The minimum required energy Em is that required to melt the Au-NP and heat the Si tip to the melting temperature of Au. The thermal energy required to melt the Au-NP is mAu-NPCP,Au (Tm,Au-NP – T0), where mAu-NP is the mass of the 1.8-nm Au-NP, CP,Au ≈ 129 J/(kgK) is the specific heat capacity of Au, Tm,Au-NP is the melting temperature of the 1.8-nm Au-NP, and T0 ≈ 298 K is the room temperature .
To calculate the mass of Au, we estimated the number of Au atoms in a nanoparticle. Cortie and Lingen  pointed out that the atomic packing density of nanogold is approximately 0.70 (between bcc and fcc). There are about 171 Au atoms in a 1.8-nm Au-NP and mAu-NP = 2.14 × 10-27 kg (ρAu-NP ≈ ρAu = 19,300 kg/m3).
Experimental, theoretical, and computer-simulated studies have shown that melting temperature depends on cluster size . These studies suggest a relationship of temperature dependence defined by the following: Tm = Tb – c / R , where Tm is the melting temperature of a spherical nanoparticle of radius R, Tb is the bulk melting temperature, and c is a constant.
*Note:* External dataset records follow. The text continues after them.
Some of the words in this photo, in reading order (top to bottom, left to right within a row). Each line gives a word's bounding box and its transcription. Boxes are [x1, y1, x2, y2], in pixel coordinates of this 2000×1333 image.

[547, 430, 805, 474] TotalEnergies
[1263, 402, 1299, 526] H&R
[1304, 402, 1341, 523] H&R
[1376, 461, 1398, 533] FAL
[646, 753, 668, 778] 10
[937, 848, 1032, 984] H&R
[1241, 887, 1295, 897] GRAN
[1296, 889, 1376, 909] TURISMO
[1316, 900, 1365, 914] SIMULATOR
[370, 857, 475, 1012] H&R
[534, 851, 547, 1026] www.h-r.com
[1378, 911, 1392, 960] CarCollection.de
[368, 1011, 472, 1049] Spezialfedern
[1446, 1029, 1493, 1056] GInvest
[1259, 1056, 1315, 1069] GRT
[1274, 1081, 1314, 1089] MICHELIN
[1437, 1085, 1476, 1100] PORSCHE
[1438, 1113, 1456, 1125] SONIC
From the literature, Tm,Au-NP ≈ 653 K. Thus, mAu-NPCP,Au (Tm,Au-NP – T0) = 9.8 × 10-23 J.
The thermal energy required to heat the apex of the tip to Tm,Au-NP is mapexCP,Si (Tm,Au-NP – T0), where mapex is the estimated mass of the spherical Si tip apex and CP,Si ≈ 712 J/kg/K is the specific heat capacity of Si . The mass of the Si probe to be heated is estimated according to its spherical volume with a radius equivalent to the curvature of the tip (12 nm). As a result, Vapex = 7.24 × 10-24 m3, ρSi = 2,330 kg/m3, and mapexCP,Si (Tm,Au-NP – T0) = 4.27 × 10-15 J.
The minimum required energy (Em, Equation 2) is roughly 1 order of magnitude lower than that of the supplied energy (Ei, Equation 1), suggesting that sufficient input energy exists to melt the Au-NPs. This is a reasonable range and can be adjusted through manipulation of the current i0, mapex, and mAu-NP.
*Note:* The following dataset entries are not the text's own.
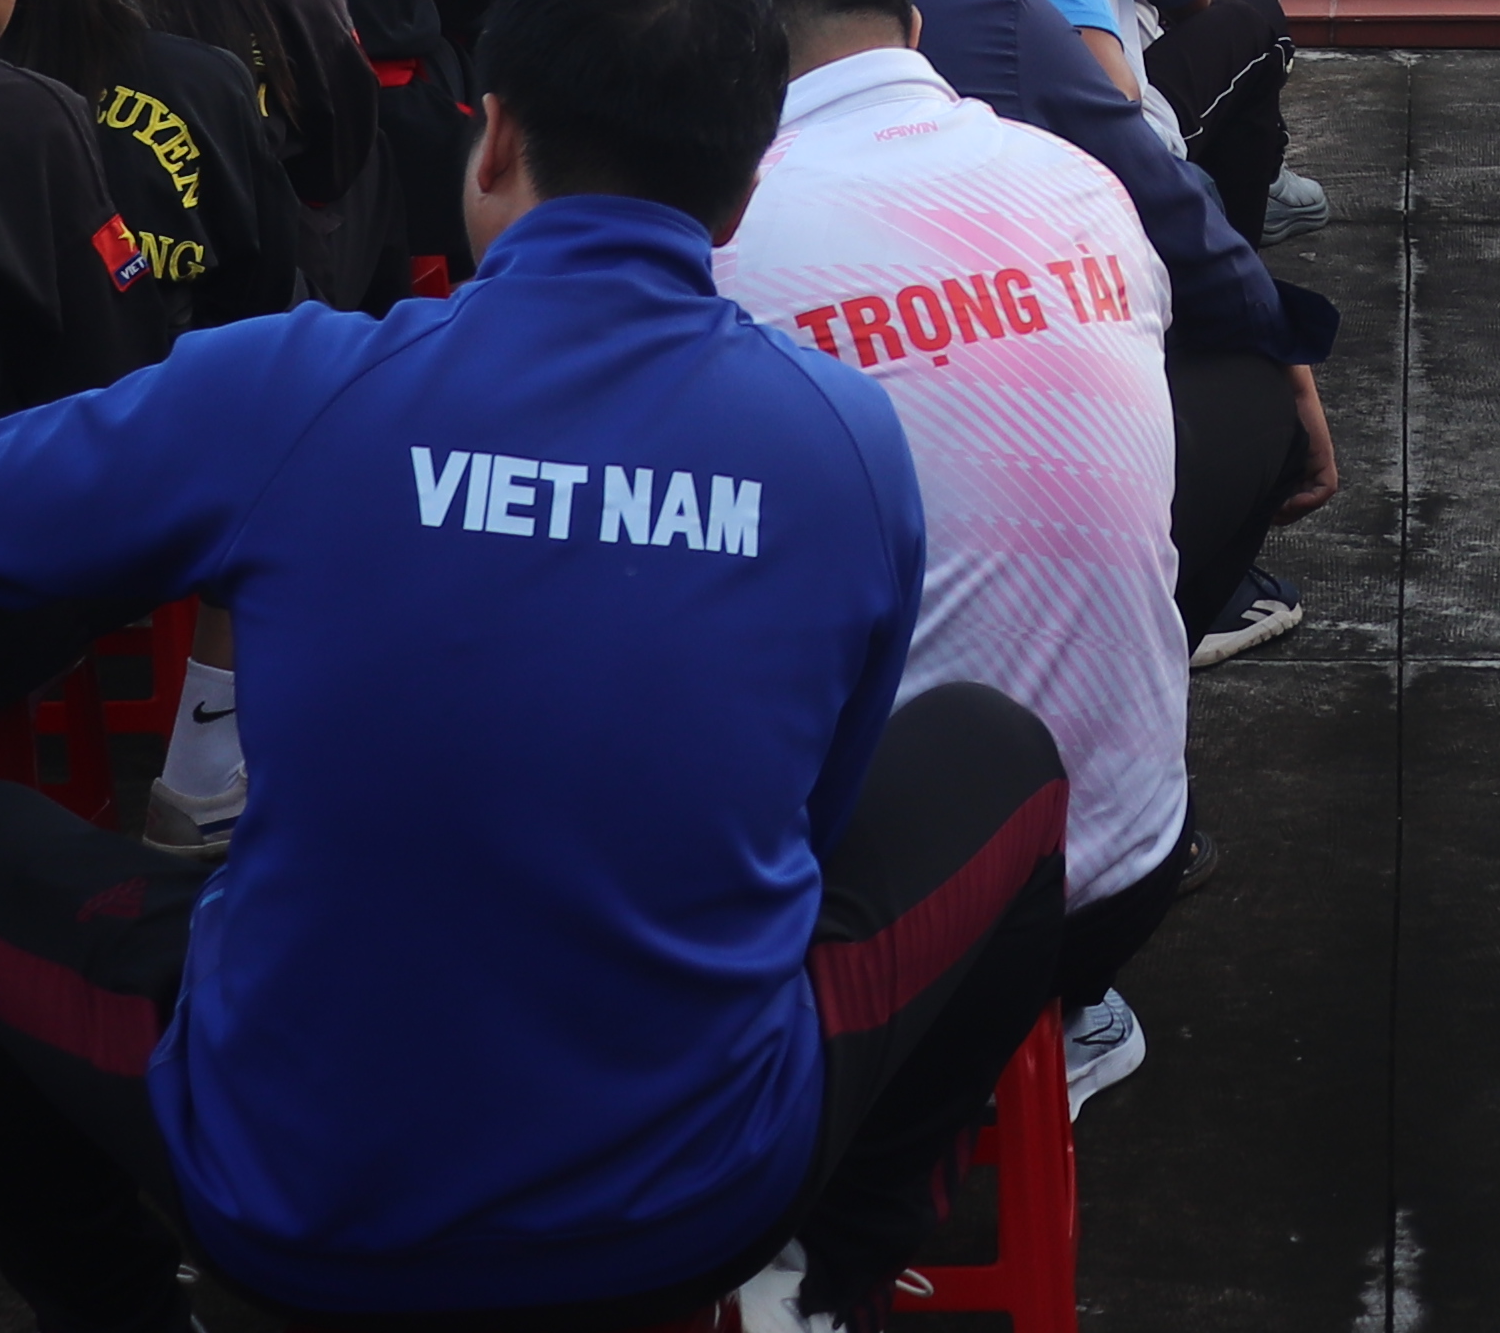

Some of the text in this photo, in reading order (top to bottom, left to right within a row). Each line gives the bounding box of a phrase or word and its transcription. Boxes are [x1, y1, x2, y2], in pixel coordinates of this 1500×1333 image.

[794, 242, 1132, 367] TRỌNG TÀI
[410, 445, 764, 559] VIET NAM
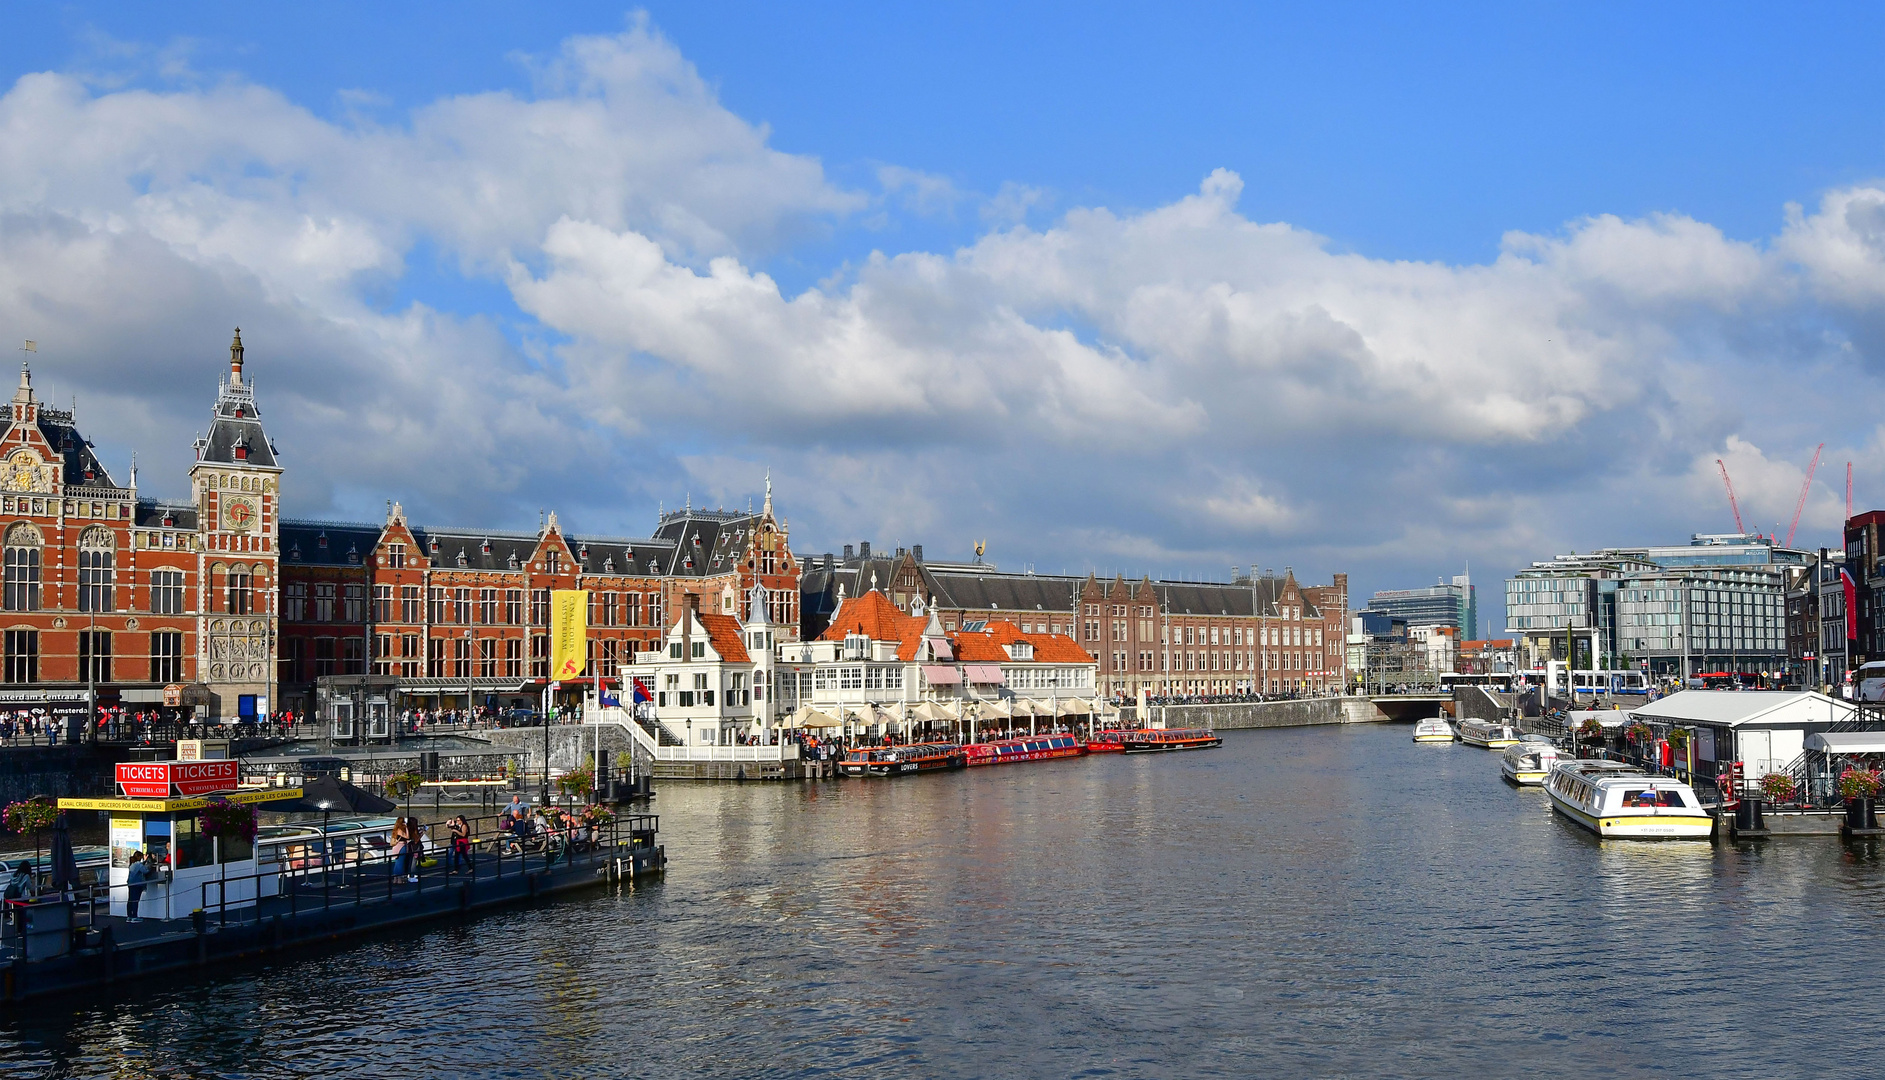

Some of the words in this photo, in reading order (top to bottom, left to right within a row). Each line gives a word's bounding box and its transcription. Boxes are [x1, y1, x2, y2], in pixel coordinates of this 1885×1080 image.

[176, 764, 232, 778] TICKETS
[901, 763, 918, 771] LOVERS
[120, 766, 164, 780] TICKETS
[188, 783, 235, 792] STROMMA.COM
[642, 859, 648, 867] N
In Figure 3b, a very small portion of the AFM tip presents a lattice darker than the rest of the Si tip. The tip curvature in this area is greater than that in the new tip. We can deduce from this that Si atoms at the tip surface underwent reflow under the electric field. At the same time, the Au-NP melted, evaporated, and formed a compound with the Si at the tip apex. The dark lattice area is estimated to be 1,000 Å2, which is very close to the circular ‘Au-atom-layer’ deposition area (1,145 Å2) predicted by the evaporation, electromigration, and deposition model. This case represents 44% of all the Au-NP attachment cases.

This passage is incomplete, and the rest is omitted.